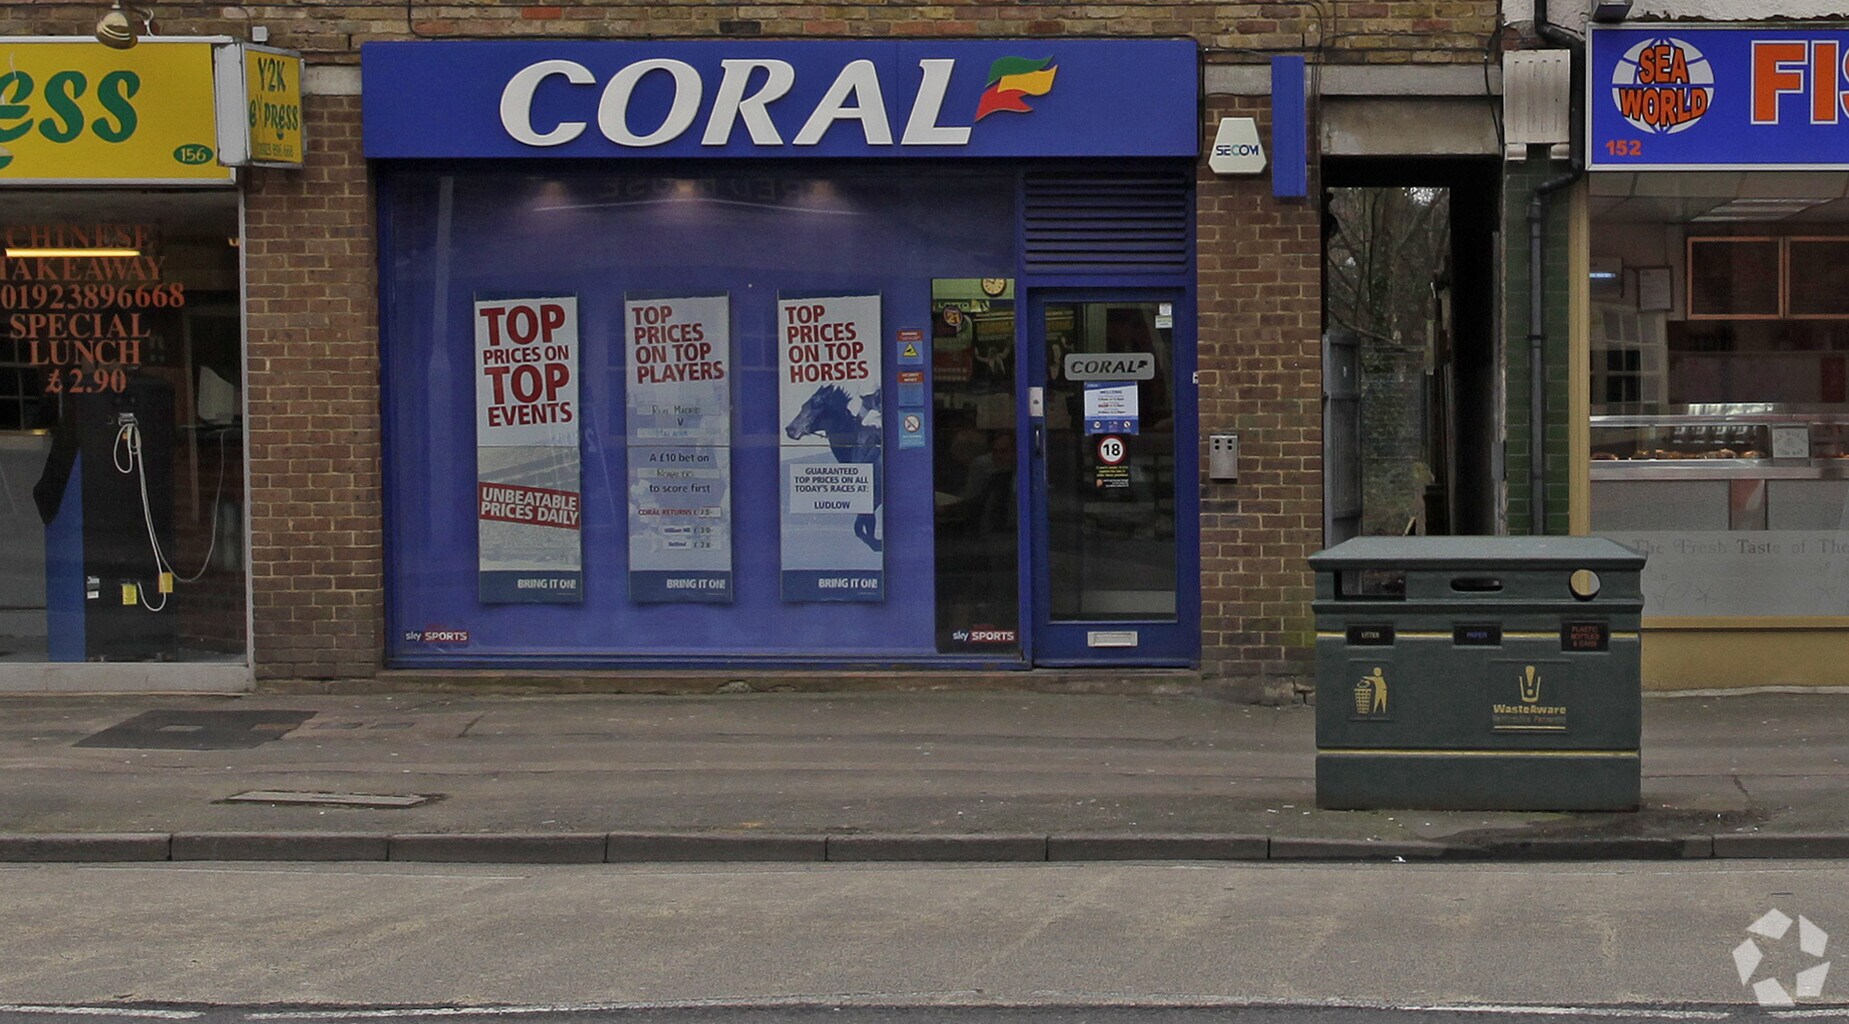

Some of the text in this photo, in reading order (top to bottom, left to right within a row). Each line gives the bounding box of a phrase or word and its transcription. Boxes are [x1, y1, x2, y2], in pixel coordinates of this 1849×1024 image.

[257, 57, 287, 92] Y2K
[1638, 44, 1690, 84] SEA
[1751, 39, 1849, 125] FI
[499, 57, 973, 147] CORAL
[1619, 87, 1709, 127] WORLD
[180, 146, 206, 162] 156
[1215, 144, 1259, 156] SECOM
[1605, 139, 1642, 156] 152
[6, 225, 156, 253] CHINESE
[0, 255, 165, 281] TAKEAWAY
[1, 282, 186, 310] 01923896668
[631, 305, 673, 326] TOP
[785, 304, 826, 325] TOP
[9, 312, 151, 339] SPECIAL
[479, 304, 565, 347] TOP
[634, 323, 704, 345] PRICES
[787, 322, 857, 344] PRICES
[29, 339, 142, 366] LUNCH
[482, 345, 569, 365] PRICES ON
[635, 342, 712, 364] ON TOP
[788, 341, 864, 363] ON TOP
[637, 360, 725, 384] PLAYERS
[790, 360, 869, 384] HORSES
[1070, 360, 1137, 374] CORAL
[484, 362, 570, 405] TOP
[488, 402, 573, 427] EVENTS
[649, 453, 657, 462] A
[659, 453, 676, 462] £10
[678, 453, 694, 462] bet
[1103, 443, 1121, 456] 18
[794, 476, 869, 484] TOP PRICES ON ALL
[805, 467, 859, 475] GUARANTEED
[482, 486, 577, 511] UNBEATABLE
[649, 483, 711, 493] to score first
[794, 484, 869, 493] TODAY'S RACES AT:
[480, 502, 580, 526] PRICES DAILY
[638, 508, 660, 516] CORAL
[814, 501, 851, 510] LUDLOW
[1736, 538, 1780, 554] Taste
[1792, 538, 1808, 554] of
[517, 578, 548, 589] BRING
[549, 578, 558, 589] IT
[666, 578, 697, 589] BRING
[698, 578, 708, 589] IT
[818, 578, 849, 588] BRING
[850, 578, 859, 588] IT
[405, 631, 468, 642] sky SPORTS
[952, 631, 1015, 642] sky SPORTS
[1361, 631, 1380, 639] LITTER
[1466, 631, 1488, 639] PAPER
[1492, 704, 1567, 714] WasteAware

####

▸ What the task requires
From the data above, copy out every line with the string "CORAL" in it.

▸ Worked solution
[499, 57, 973, 147] CORAL
[1070, 360, 1137, 374] CORAL
[638, 508, 660, 516] CORAL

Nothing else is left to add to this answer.